I think this follows from the fact that the (exponential) Faltings height of a CM elliptic curve is (up to algebraic factors) given by its period (computed in this case by the Chowla-Selberg formula). Note that the period and the Faltings height are basically the same because the Hodge structure splits in the CM case - this is not so for a general elliptic curve. –  Damian Rössler Jul 5 '13 at 20:31

1 Answer 1

The 1-sentence reason is: scalar extension from an algebraically closed field of characteristic zero to a bigger one (such as $\overline{\mathbf{Q}} \hookrightarrow \mathbf{C}$) has no effect on the isogeny class (objects or maps!) of a given elliptic curve, ultimately because all torsion is found over the smaller such field and the quotient operation can be performed down there too.

Let's now make the link to that idea. For any elliptic curve $E$ over a field $k$, equipped with a non-vanishing global 1-form $\eta$, one can always find a Weierstrass model $$y^2 w + a_1 xyw = x^3 + a_2 x^2 w + a_4 x w^2 + a_6 w^3$$ in $\mathbf{P}^2_k$ for $E$ such that $\eta$ corresponds to ${\rm{d}}x/(2y + a_1x)$. Then one checks that the usual polynomial $\Delta(a_1,\dots,a_6)$ in the $a_i$'s is nonzero and independent of the choice of such Weierstrass model compatible with $\omega$. We call this value $\Delta^{\rm{alg}}(E,\eta) \in k^{\times}$.

For example, consider $k = \mathbf{C}$ and $(E,\eta)$ over $k$ corresponding to the analytic construction $(\mathbf{C}/L, {\rm{d}}z)$ for a lattice $L$ in $\mathbf{C}$. We have the Weierstrass model $y^2 w = 4x^3 + g_2(L) x w^2 + g_6(L)$ for which ${\rm{d}}x/y$ corresponds to ${\rm{d}}z$, and $\Delta(a_1,\dots,a_6) = g_2(L)^3 - 27 g_3(L)^2$. Thus, after bookkeeping with the factor of 2 (since the Weierstrass model uses a non-monic cubic in $x$) one concludes that $$\Delta^{\rm{alg}}(\mathbf{C}/L, {\rm{d}}z) = \Delta(L).$$

In your situation, the (algebraization of the) pair $(\mathbf{C}/L, {\rm{d}}z)$ is equipped with a descent to $\overline{\mathbf{Q}}$.

But what is $L$ in that case?

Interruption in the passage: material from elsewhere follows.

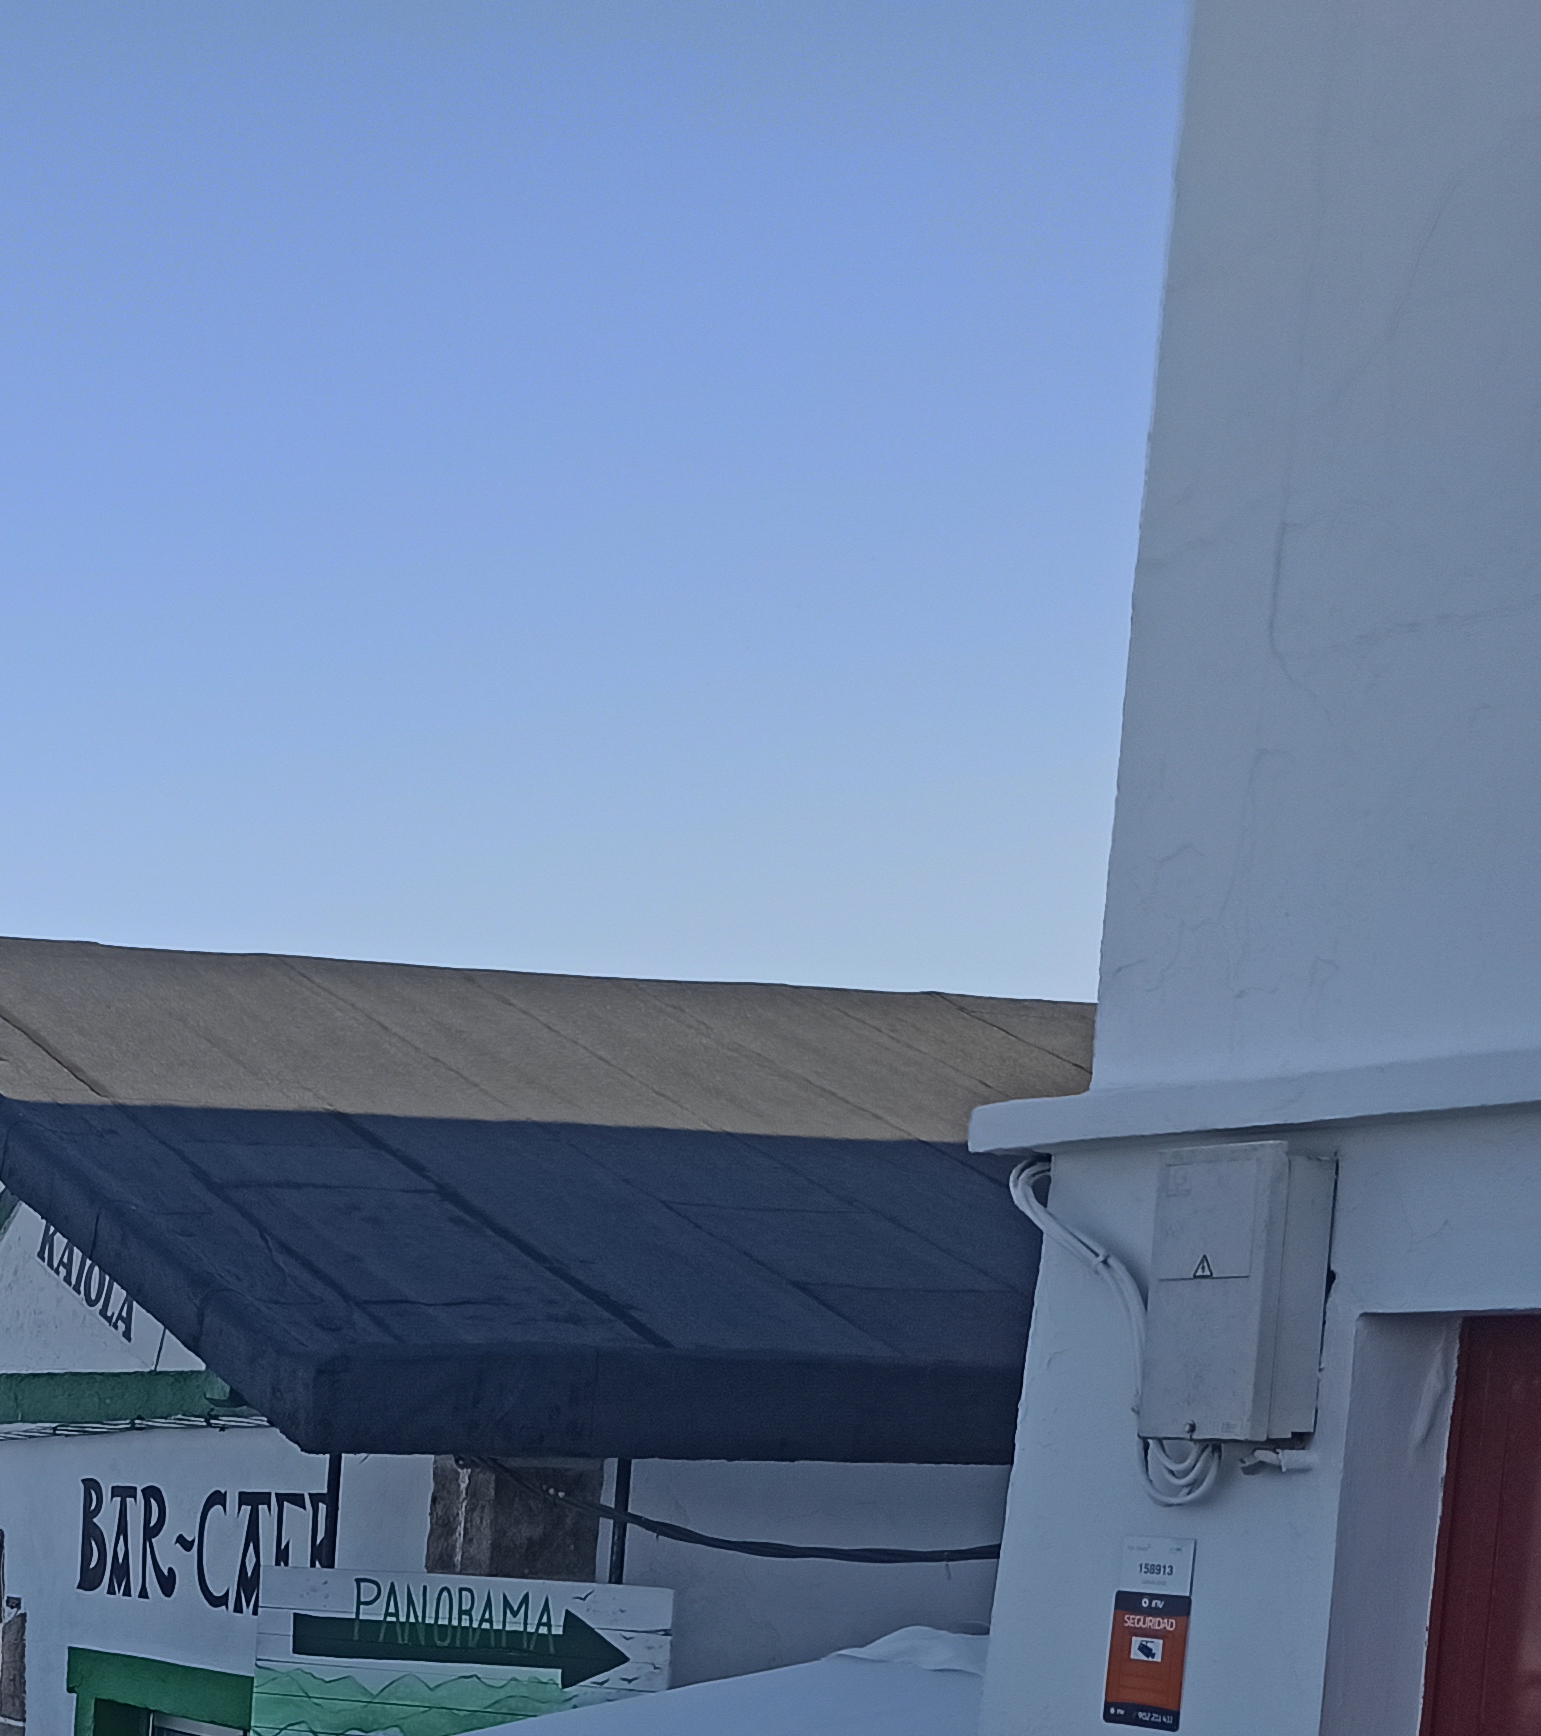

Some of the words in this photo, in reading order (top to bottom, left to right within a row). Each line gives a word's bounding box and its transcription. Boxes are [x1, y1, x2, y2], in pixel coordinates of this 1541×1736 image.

It is precisely the image of ${\rm{H}}_1(E(\mathbf{C}),\mathbf{Z})$ under an injection into $\mathbf{C}$ defined by $\gamma \mapsto \int_{\gamma} \eta$. Now under the CM hypothesis (with CM field $K$ embedded into $\mathbf{C}$ via its $\mathbf{C}$-linear action on the 1-dimensional tangent space at the identity), if $O$ is the CM order then the algebraic $O$-action on $E$ has the effect of multiplication against $O$ inside $\mathbf{C}$ at the level of integrals of 1-forms (this is why it is called "complex multiplication", after all).

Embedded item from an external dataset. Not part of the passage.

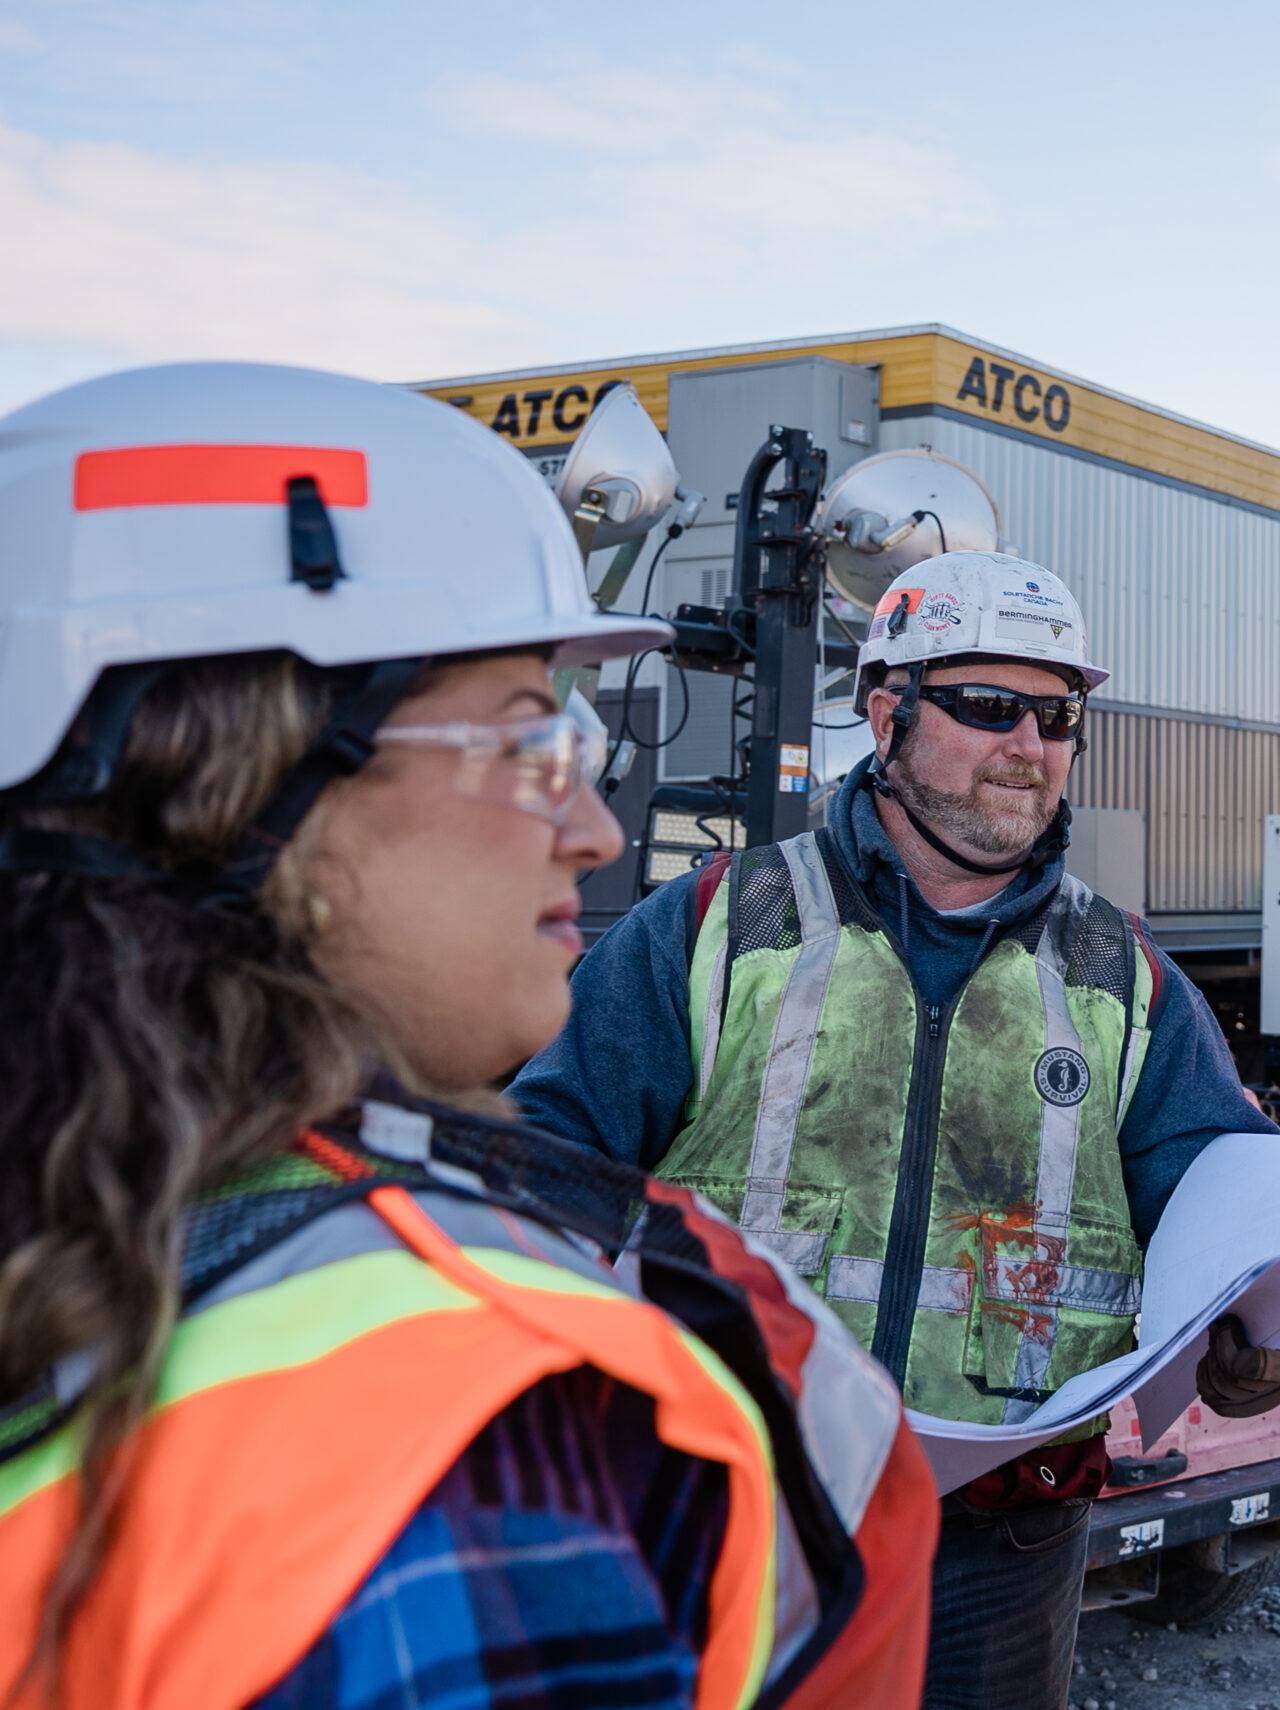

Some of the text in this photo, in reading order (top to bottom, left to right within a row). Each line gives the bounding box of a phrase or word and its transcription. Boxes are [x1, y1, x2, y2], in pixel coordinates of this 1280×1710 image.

[956, 357, 1070, 432] ATCO
[1040, 1051, 1086, 1074] MUSTANG
[1040, 1076, 1087, 1101] SURVIVAL

Thus, for any nonzero $\gamma$ in ${\rm{H}}_1(E(\mathbf{C}), \mathbf{Z})$ the set $O \cdot \int_{\gamma}\eta$ is of finite index inside $L$. Hence, if $q \in \mathbf{Q}^{\times}$ and we define $\omega := q \int_{\gamma}\eta$ (the factor of $q$ accounts for you wish to work with rational homology rather than integral homology) then for any fractional ideal $\mathfrak{a}$ of $K$ we see that $\omega \mathfrak{a}$ as a lattice inside $\mathbf{C}$ is commensurable with $L$.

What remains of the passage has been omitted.